Public interest hurdle
[59] Starting with the potential and actual harm, the Plaintiff alleges that she lost her employment because of the defamatory letters written by the Defendants. Furthermore, she was attacked on a reputational level.
[60] The Defendants argue that the Plaintiff’s evidence on this motion is inconsistent and is largely inadmissible.
[61] The Plaintiff needs to provide evidence that there is a likelihood in respect to the existence of the harm and a relevant causal link.
[62] In this case, there are two types of harm that are alleged: monetary and reputational.
[63] Regarding monetary harm, it is important to note that in a claim for defamation, general damages do not have to be proven.
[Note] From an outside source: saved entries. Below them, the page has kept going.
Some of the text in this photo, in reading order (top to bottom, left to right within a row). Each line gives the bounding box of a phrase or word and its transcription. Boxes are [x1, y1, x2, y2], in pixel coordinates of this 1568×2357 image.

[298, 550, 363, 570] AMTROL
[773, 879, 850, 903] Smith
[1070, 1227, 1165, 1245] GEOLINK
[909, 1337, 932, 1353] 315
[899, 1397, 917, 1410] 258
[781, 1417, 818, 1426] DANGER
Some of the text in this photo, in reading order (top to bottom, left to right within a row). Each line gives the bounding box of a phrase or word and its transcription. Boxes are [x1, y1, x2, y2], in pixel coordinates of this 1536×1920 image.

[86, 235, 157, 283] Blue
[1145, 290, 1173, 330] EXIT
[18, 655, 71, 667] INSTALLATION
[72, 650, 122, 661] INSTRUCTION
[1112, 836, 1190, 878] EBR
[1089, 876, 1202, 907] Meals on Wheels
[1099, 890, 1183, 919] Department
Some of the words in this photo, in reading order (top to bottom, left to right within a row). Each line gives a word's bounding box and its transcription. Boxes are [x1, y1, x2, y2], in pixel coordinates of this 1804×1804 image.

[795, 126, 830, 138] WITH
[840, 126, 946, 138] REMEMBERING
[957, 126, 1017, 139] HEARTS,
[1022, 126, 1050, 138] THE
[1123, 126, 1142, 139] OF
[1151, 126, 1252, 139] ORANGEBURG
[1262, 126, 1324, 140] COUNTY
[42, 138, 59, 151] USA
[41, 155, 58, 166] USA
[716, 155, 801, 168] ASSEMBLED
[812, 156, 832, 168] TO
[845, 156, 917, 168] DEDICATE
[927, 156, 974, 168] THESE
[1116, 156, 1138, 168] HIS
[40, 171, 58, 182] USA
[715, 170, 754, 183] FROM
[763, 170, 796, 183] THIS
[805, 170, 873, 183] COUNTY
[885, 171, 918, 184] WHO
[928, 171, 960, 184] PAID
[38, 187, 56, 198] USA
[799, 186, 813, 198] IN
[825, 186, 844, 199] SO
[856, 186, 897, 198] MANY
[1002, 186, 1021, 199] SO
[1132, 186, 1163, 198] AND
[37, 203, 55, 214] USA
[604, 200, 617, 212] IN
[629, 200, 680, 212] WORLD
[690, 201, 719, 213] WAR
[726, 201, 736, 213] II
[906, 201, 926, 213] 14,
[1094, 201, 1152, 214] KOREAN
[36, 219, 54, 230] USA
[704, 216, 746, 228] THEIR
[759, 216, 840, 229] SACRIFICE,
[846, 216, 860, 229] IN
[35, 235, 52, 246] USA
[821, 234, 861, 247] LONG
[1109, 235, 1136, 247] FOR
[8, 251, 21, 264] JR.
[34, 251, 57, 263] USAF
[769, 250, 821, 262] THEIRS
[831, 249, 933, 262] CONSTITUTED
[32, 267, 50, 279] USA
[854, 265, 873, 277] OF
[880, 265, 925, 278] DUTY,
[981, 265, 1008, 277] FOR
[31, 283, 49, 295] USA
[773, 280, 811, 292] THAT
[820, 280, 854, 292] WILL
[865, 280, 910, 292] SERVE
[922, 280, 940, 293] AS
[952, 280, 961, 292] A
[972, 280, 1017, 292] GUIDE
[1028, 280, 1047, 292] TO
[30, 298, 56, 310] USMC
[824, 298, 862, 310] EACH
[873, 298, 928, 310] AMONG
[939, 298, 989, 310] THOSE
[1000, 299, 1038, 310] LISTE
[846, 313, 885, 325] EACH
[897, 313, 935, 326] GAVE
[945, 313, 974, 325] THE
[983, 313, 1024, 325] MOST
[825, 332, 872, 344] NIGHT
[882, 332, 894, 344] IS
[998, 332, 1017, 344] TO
Also, it is not necessary to monetize the damages at this stage.
[64] Reputational harm can be significant, especially in a small community. In Pointes, at para. 69, the Supreme Court of Canada reminds us that “reputation is one of the most valuable assets a person or business can possess.”
[65] In my view, the Defendants’ expressions of opinion attacked the Plaintiff’s character and because of the damning nature of these opinions, I can infer that there is a likelihood of significant harm to her reputation.
[66] The Plaintiff has therefore met the burden of demonstrating the likelihood of monetary and reputational harm.
[67] Turning to the qualitative assessment of the public interest, this is known as the “crux or core of the s. 137.1 analysis”: Pointes, at para. 82. As part this weighing exercise, the court is to scrutinize the expression and determine whether it is worthy of protection. In trying to ascertain what is truly going on in this case, the factors to consider include the following:
i. The Defendants’ motive for the expressions of opinions. ii. The vitriolic nature of the Defendants’ expressions of opinions. iii. The history of the Plaintiff using litigation or threat of litigation to silence her critics. iv. The financial or power imbalance that strongly favours the Plaintiff. v. The punitive or retributory purpose animating the Plaintiff’s bringing of the claim. vi. Minimal or nominal damages suffered by the Plaintiff.
The Defendants’ motive for the expressions of opinions
[68] The Plaintiff believes that the Defendants’ actions are in a direct response to her dispute with one of their friends and colleagues, Denis O’Connor. She and Mr. O’Connor do not get along, and there have been incidents between them. Furthermore, Mr. O’Connor and his brother are embroiled in a lawsuit. The Plaintiff gave a statement to the brother’s counsel, favouring his position. She submits that the Defendants’ letters were written shortly after this statement.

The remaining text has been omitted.